# EXERCISE DESCRIPTION
Transcribe the entries exactly as given and skip whatever images they hold.

# DATA SHOWN

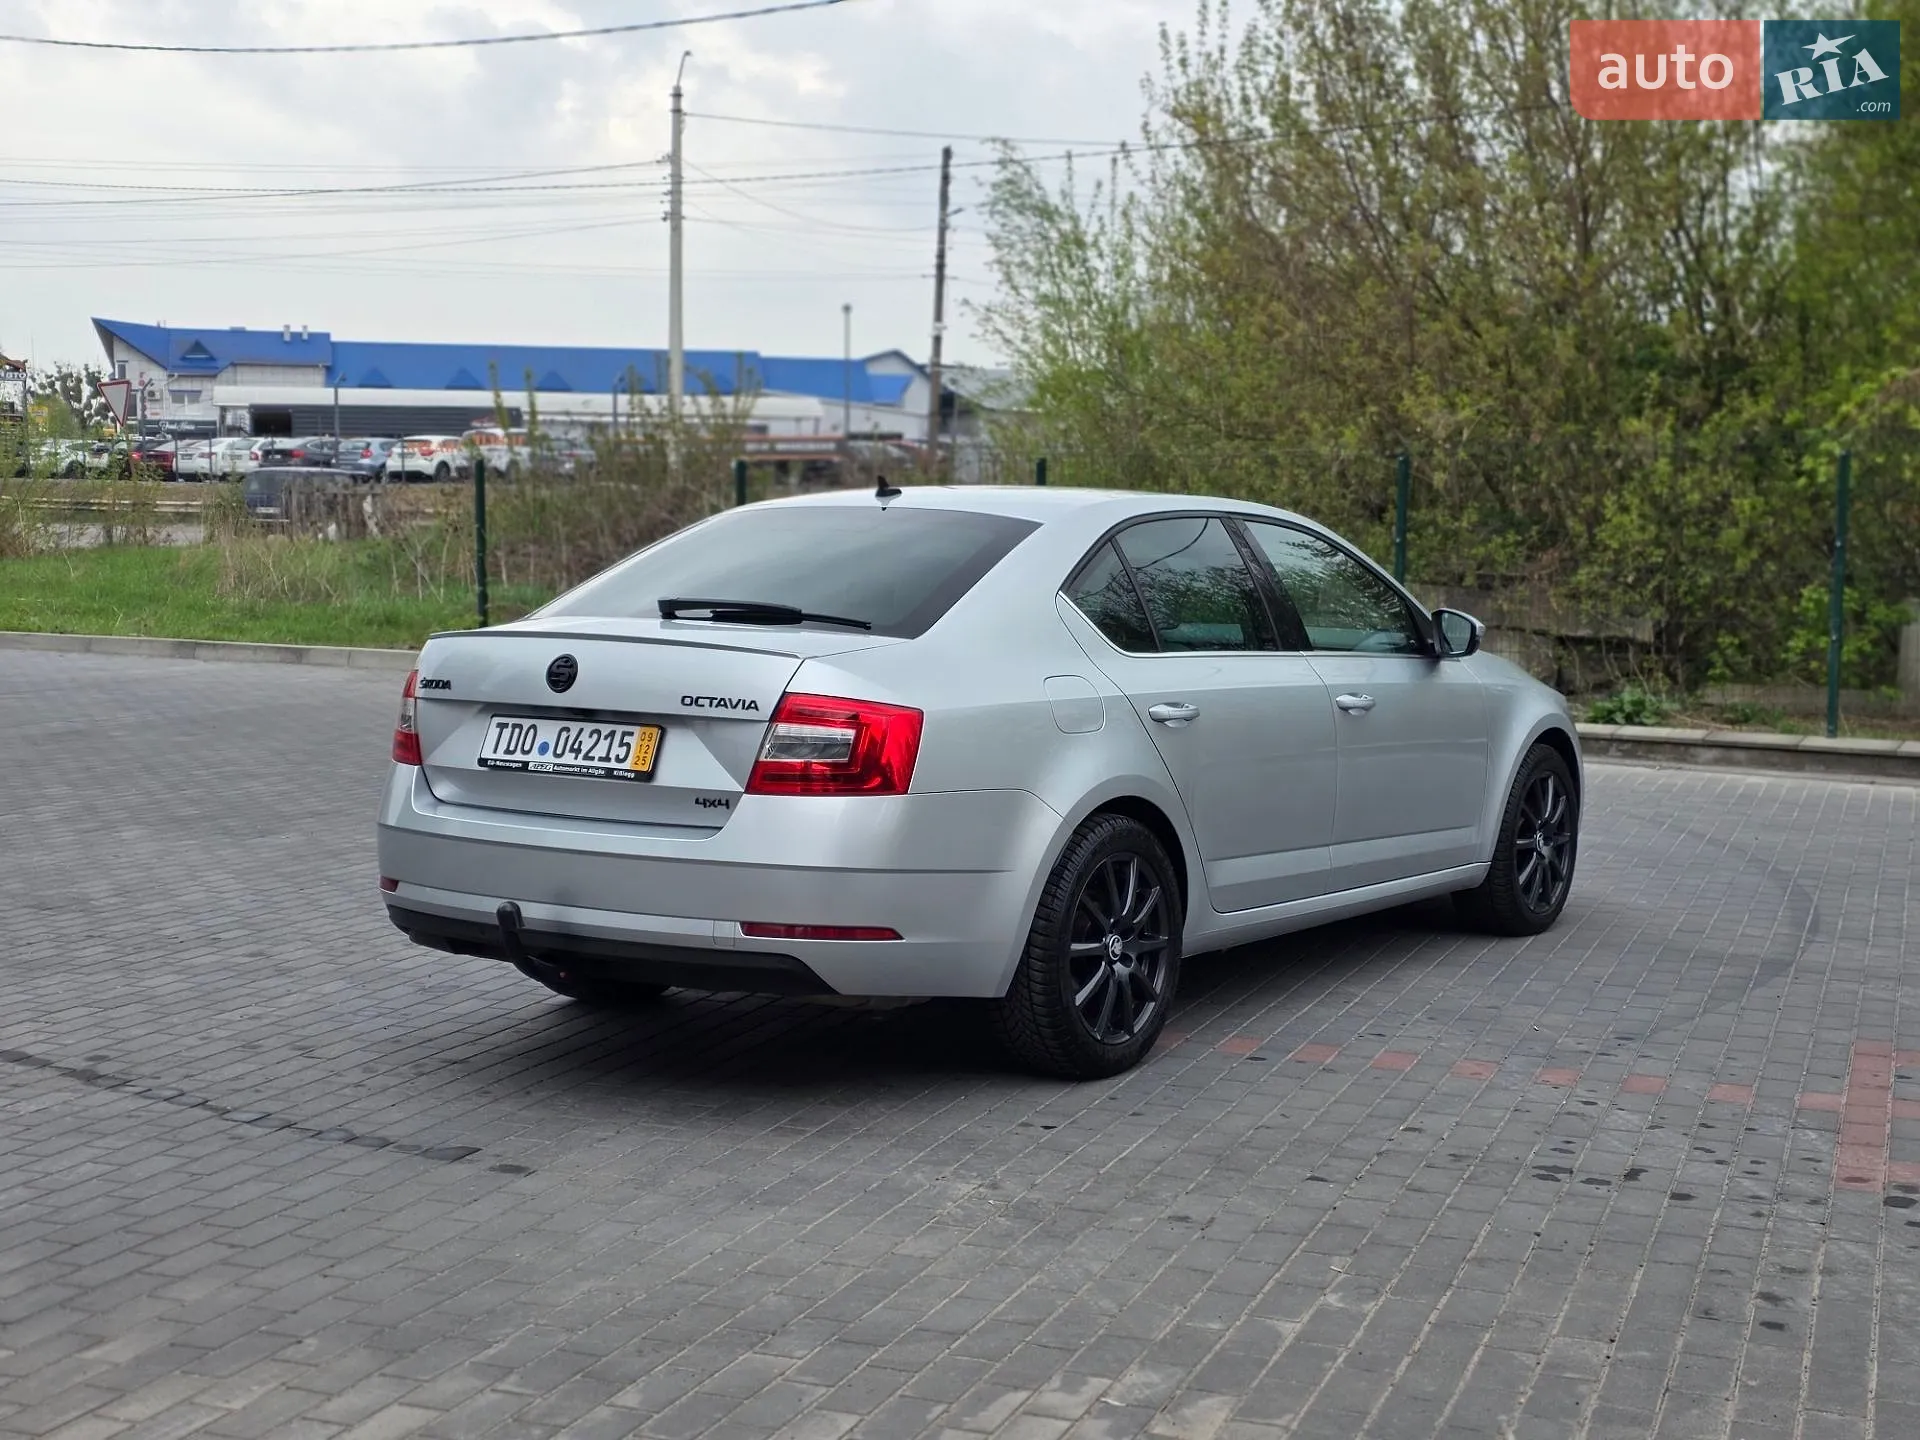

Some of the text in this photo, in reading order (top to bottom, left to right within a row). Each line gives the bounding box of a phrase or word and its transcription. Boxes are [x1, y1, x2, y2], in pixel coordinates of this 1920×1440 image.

[680, 695, 759, 712] OCTAVIA
[492, 721, 635, 764] TDO 04215
[640, 731, 653, 742] 09
[638, 743, 650, 755] 12
[634, 755, 648, 766] 25

# ANSWER TO THIS EXERCISE
Some of the text in this photo, in reading order (top to bottom, left to right within a row). Each line gives the bounding box of a phrase or word and its transcription. Boxes are [x1, y1, x2, y2], in pixel coordinates of this 1920×1440 image.

[680, 695, 759, 712] OCTAVIA
[492, 721, 635, 764] TDO 04215
[640, 731, 653, 742] 09
[638, 743, 650, 755] 12
[634, 755, 648, 766] 25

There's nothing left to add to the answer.